Apakah hari ini hari malas se asrama atau hanya aku dan Ida saja. Tapi siang ini banyak santri yang tidur siang dari biasanya. Suasana sepi membuatku makin konsentrasi menyelesaikan proposalku.
"Da, malam ini aku jaga malam. Kamu tidak ingin menemaniku disana? Aku pasti bosan tidak ada kawan".
Aku berharap Ida ikut, supaya ada kawan bicara tidak seperti jaga sebelumnya. Keberuntungan ada pada Ida, dia berjaga dengan Rani.
"Hmmm, aku pengen sih ikut, tapi bantuin aku bikin laporan ya. Hehe".
"Sudah ada di proposal tinggal di salin saja laporan perkiraan konsumsinya".
"Bukan itu Nera, tapi laporan tugas produktif. Mata pelajaran yang paling menyebalkan".
"Itu masa depan kita, aku saja ingin buka usaha jahit nantinya. Disana masih banyak peluangnya".
"Disini sudah rapat Ra, tidak ada celah bagi penjahit awam".
"Terus kamu mau kemana setelah lulus".
"Ya, kerja. Di PT rokok, apa PT sepatu, bisa juga di konveksi. Tapi ya murah ongkos jahitnya".
"Mending buka sendiri".
"Mending di konveksi, jelas dapet duit. Kalau buka jahitan sendiri bisa-bisa sehari penuh tidak ada yang datang. Soalnya sudah banyak seniornya".
"Jangan mendahului takdir Da".
Ya, jika ada Nera dan Ida yang dibicarakan hanya masa depan saja. Semoga saja masa depan mereka tidak suram. Kata author sambil menghayal.
Tak berseling lama, aku tidur. Karena pukul 1 dini hari harus bangun menggantikan partner jaga yang sudah jaga dari jam 11.
Paginya, aku sudah siap berangkat sekolah. Ingin sekali lari dari kenyataan. Mengapa sepagi ini Dhani sudah duduk di depan kantor pusat. Apa tidak ada kerjaan lain selain nongkrong.

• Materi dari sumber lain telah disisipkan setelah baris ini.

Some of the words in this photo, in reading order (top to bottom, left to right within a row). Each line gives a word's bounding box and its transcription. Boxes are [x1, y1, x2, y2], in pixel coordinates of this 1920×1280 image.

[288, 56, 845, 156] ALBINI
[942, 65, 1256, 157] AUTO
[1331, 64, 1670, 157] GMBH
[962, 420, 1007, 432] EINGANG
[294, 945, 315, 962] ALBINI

"Ra, itu Dhani". Ida menyenggol lenganku dengan keras sambil berbisik.
"Terus?".
"Di sapa kek, senyum kek, atau apalah. Harusnya kamu bahagia, pagi sedingin ini sudah ada penyemangat yang nongol". Ida berucap keras kali ini.

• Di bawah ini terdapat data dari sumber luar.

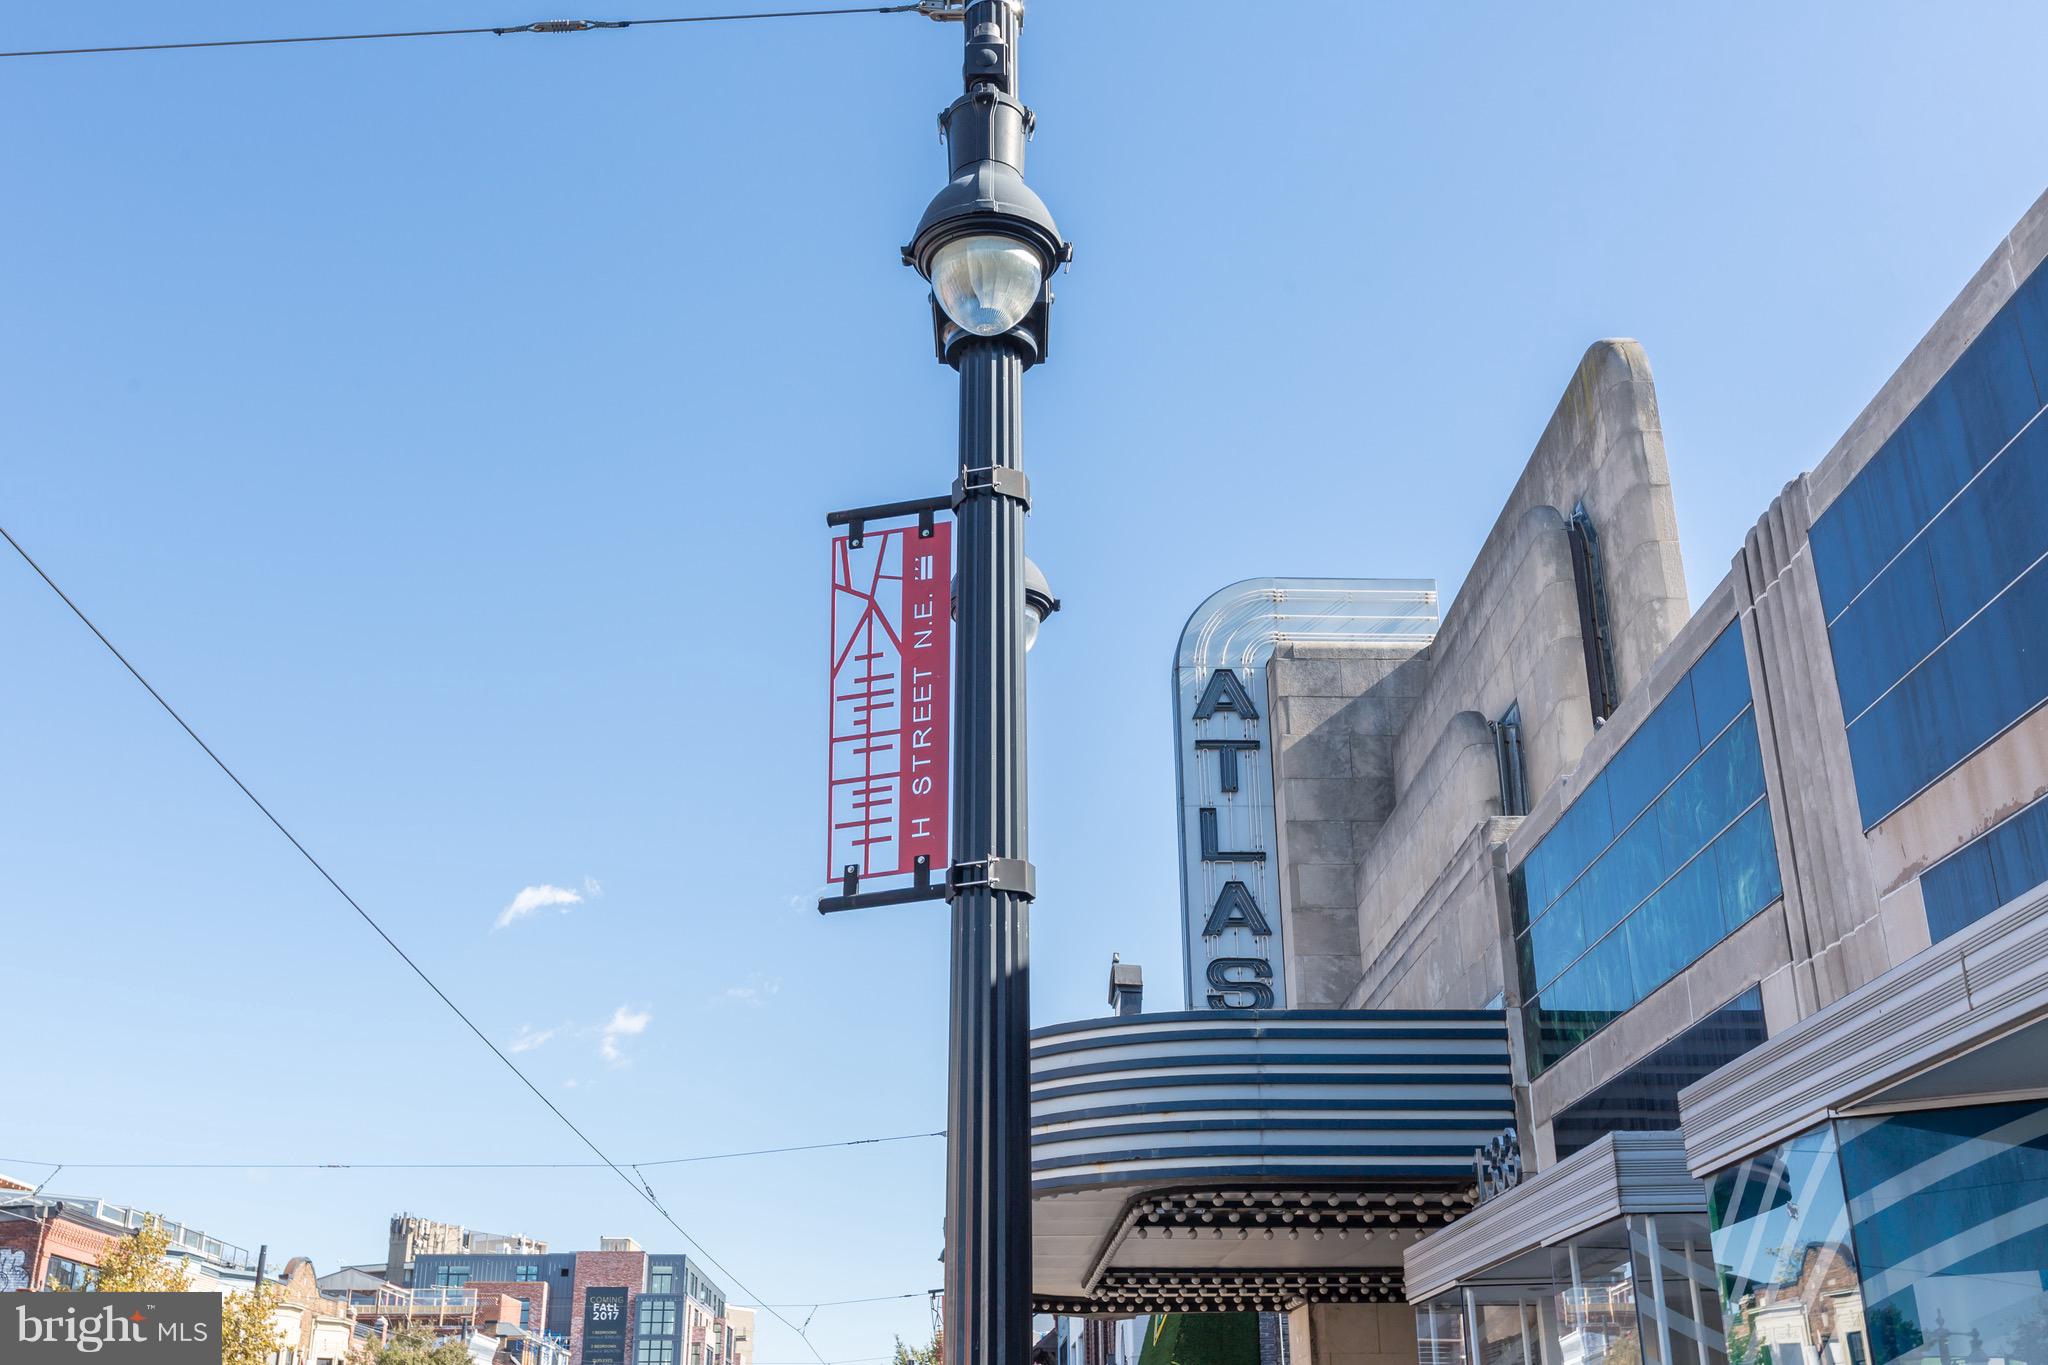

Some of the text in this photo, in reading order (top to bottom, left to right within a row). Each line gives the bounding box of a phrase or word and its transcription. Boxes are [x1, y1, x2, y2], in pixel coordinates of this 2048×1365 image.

[911, 593, 933, 838] H STREET N.E.
[1192, 668, 1274, 1010] ATLAS
[590, 1296, 624, 1304] COMING
[593, 1303, 619, 1311] FALL
[592, 1312, 619, 1320] 2017

"Oh". Hanya itu yang keluar dari mulutku.
Sakit sebenarnya melihat Dhani diam. Padahal ketika SMP dia paling ceria meski aku acuh. Tapi sekarang berubah. Aku ingin berjauhan karena aku bosan kelahi dengan santri lain, tapi dia menganggapnya seperti ini.

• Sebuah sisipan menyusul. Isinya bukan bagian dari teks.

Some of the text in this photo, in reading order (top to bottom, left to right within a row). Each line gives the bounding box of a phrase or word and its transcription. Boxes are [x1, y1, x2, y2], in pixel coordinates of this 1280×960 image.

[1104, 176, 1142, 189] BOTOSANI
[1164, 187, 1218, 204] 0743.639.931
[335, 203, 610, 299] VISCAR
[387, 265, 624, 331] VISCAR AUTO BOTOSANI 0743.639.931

Ini sebuah kesalahpahaman yang membuatku semakin kalut. Kekalutan ini juga membuatku membuka identitas yang seharusnya tidak diketahui seorang pun sampai aku lulus.
"Dasar Dhani, cintaku padamu mengalahkan cintaku pada Fian". Batinku sedih. Sedih karena Dhani benar-benar menjauhiku.
"Ra, terimakasih jika kamu sudah menjauhi Dhani, maka peluangku sangat besar". Marissa duduk di sampingku.
"Kata siapa, Nera itu masih pacarnya Dhani". Ida yang menyahut.
"Tapi dia terlihat seperti bertengkar". Marissa tersenyum sinis.
"Aku tidak marahan Marissa, aku hanya memberimu kesempatan. Aku acuh apakah Dhani akan memilihmu atau tetap menjaga cintanya untukku".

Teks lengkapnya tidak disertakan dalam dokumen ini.